The relief from the discovery of a youth soccer team found alive in a flooded cave in Thailand has been tempered by the reality that the group may stay trapped for several more months, a member of the rescue team told TODAY on Tuesday.
The 12 missing members of a Thai soccer team and their coach were found alive Monday deep inside a cave system that kept them trapped for 10 days.
The boys were “very skinny” and experienced some atrophy in their legs, but they were responsive and mentally alert, said Ben Reymenants, a Dutch cave diver who has been part of an international rescue team helping Thai Navy SEALs.
But thunderstorms forecast in the area could bring rain that would flood the cave system, “making the rescue impossible” and leaving the entire team trapped inside for “up to three to four months,” Reymenants predicted.
Two Thai Navy doctors have volunteered to stay inside the cave with the team if that should happen, said Reymenants, owner of a diving company in Phuket, Thailand.
The nation is in the middle of the rainy season, and rescue efforts have continuously been thwarted by rising floodwater inside the complex underground cave network.
“It’s one of the longest cave systems in Thailand.
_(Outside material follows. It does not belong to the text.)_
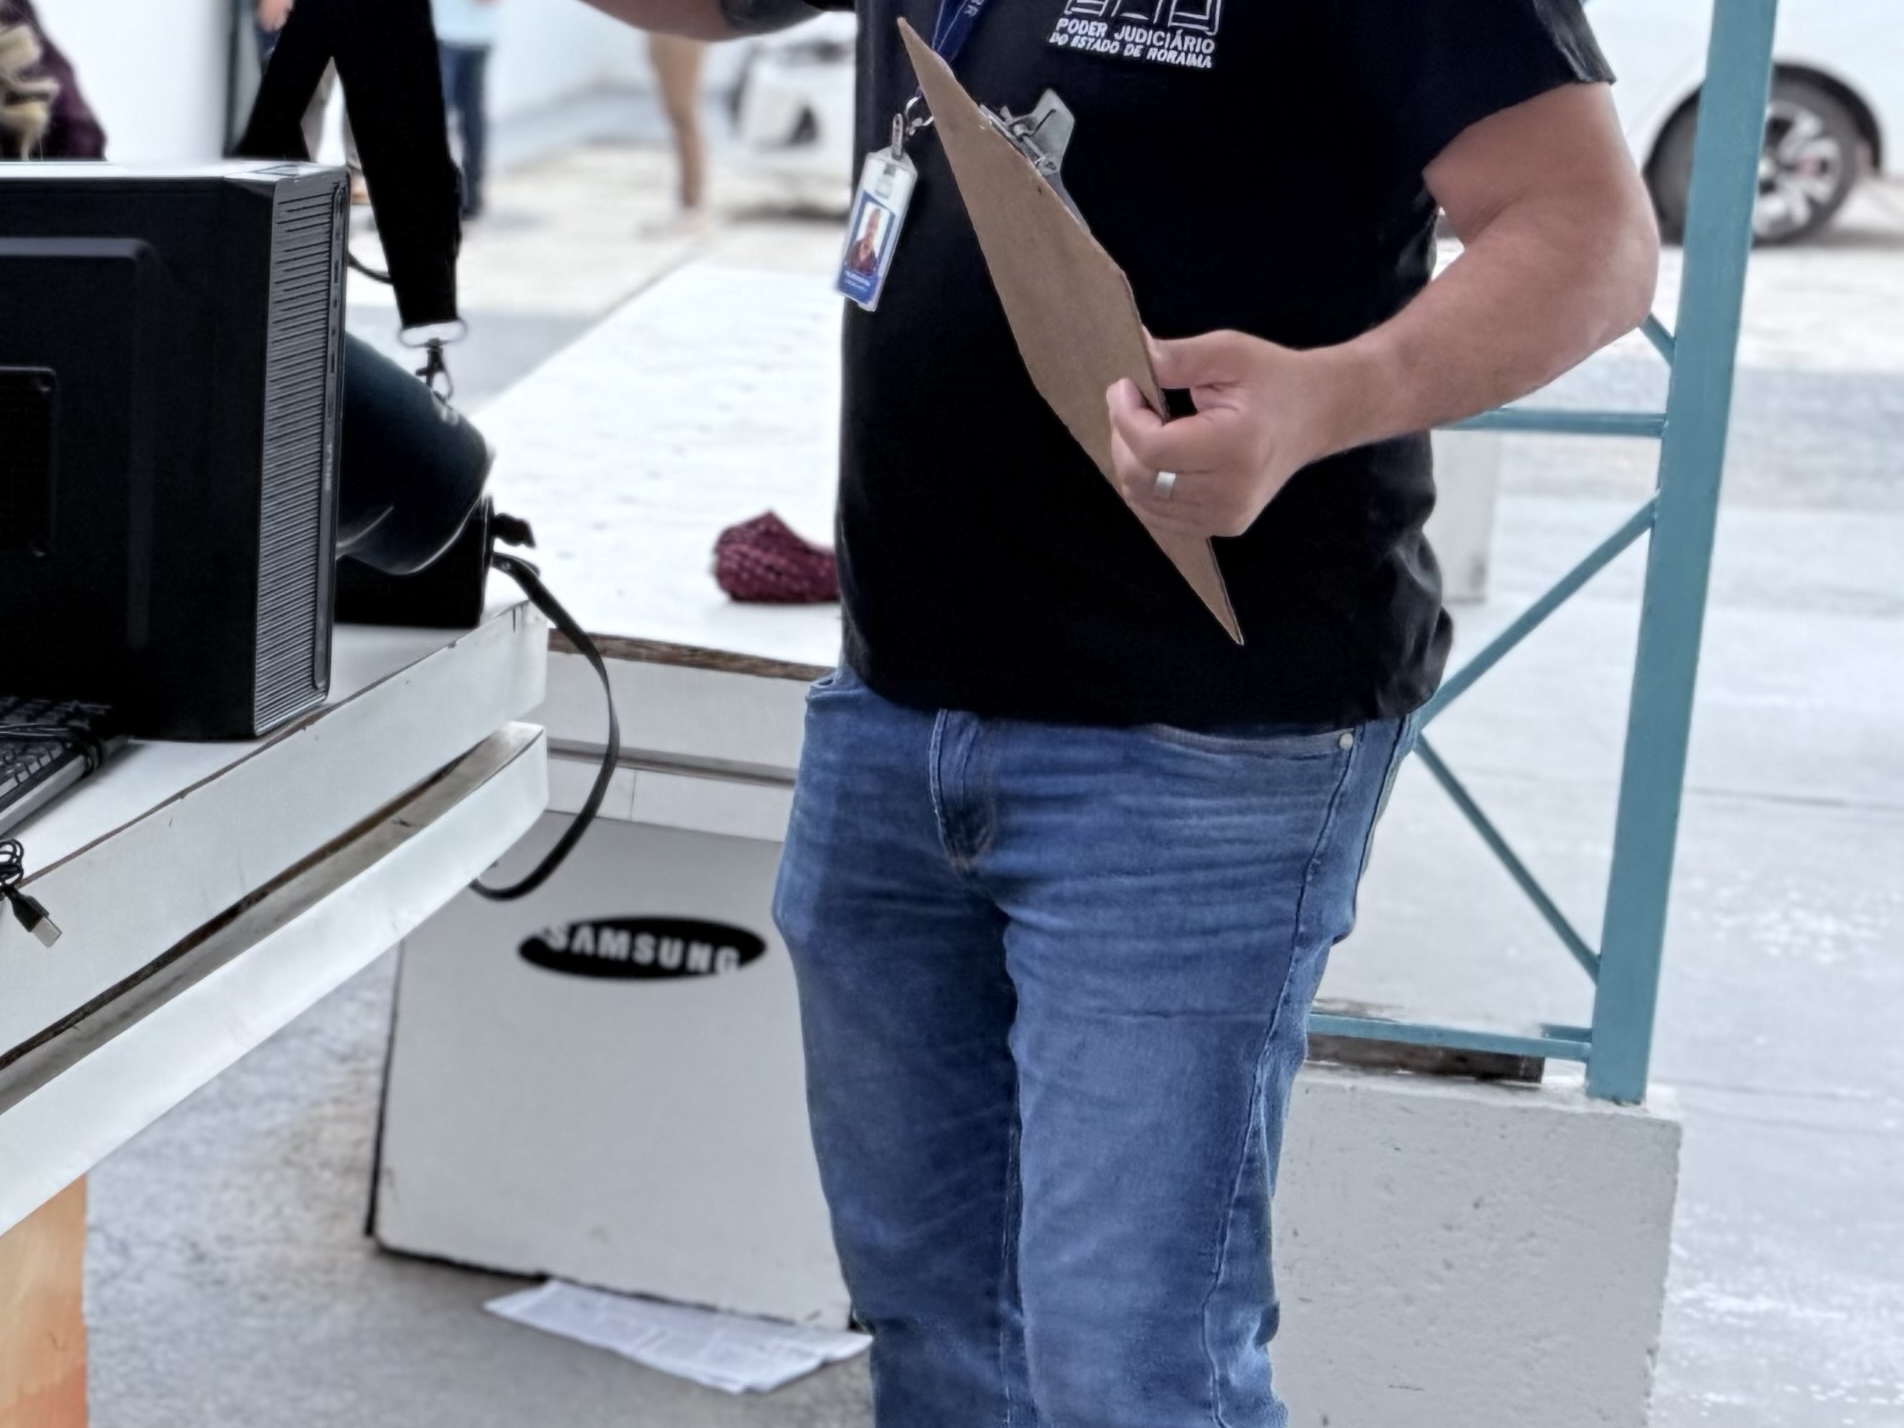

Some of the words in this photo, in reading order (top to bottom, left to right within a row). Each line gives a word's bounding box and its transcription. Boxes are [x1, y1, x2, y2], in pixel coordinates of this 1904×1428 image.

It’s about 10 km (6.2 miles) long,” Reymenants said. “They’re exactly stuck in the middle of this system, meaning that yes, it’s a huge way to make it through, especially while swimming.”
But because most of the children, whose ages range from 11 to 16, can’t swim, the easiest rescue option would be to “keep pumping water out of the cave.”
Reymenants said cave conditions recently improved after currents calmed and the water cleared up.
“When we first arrived it was like swimming in coffee, and huge outflow,” he said.
The team members and their 25-year-old coach disappeared on June 23 following a soccer practice.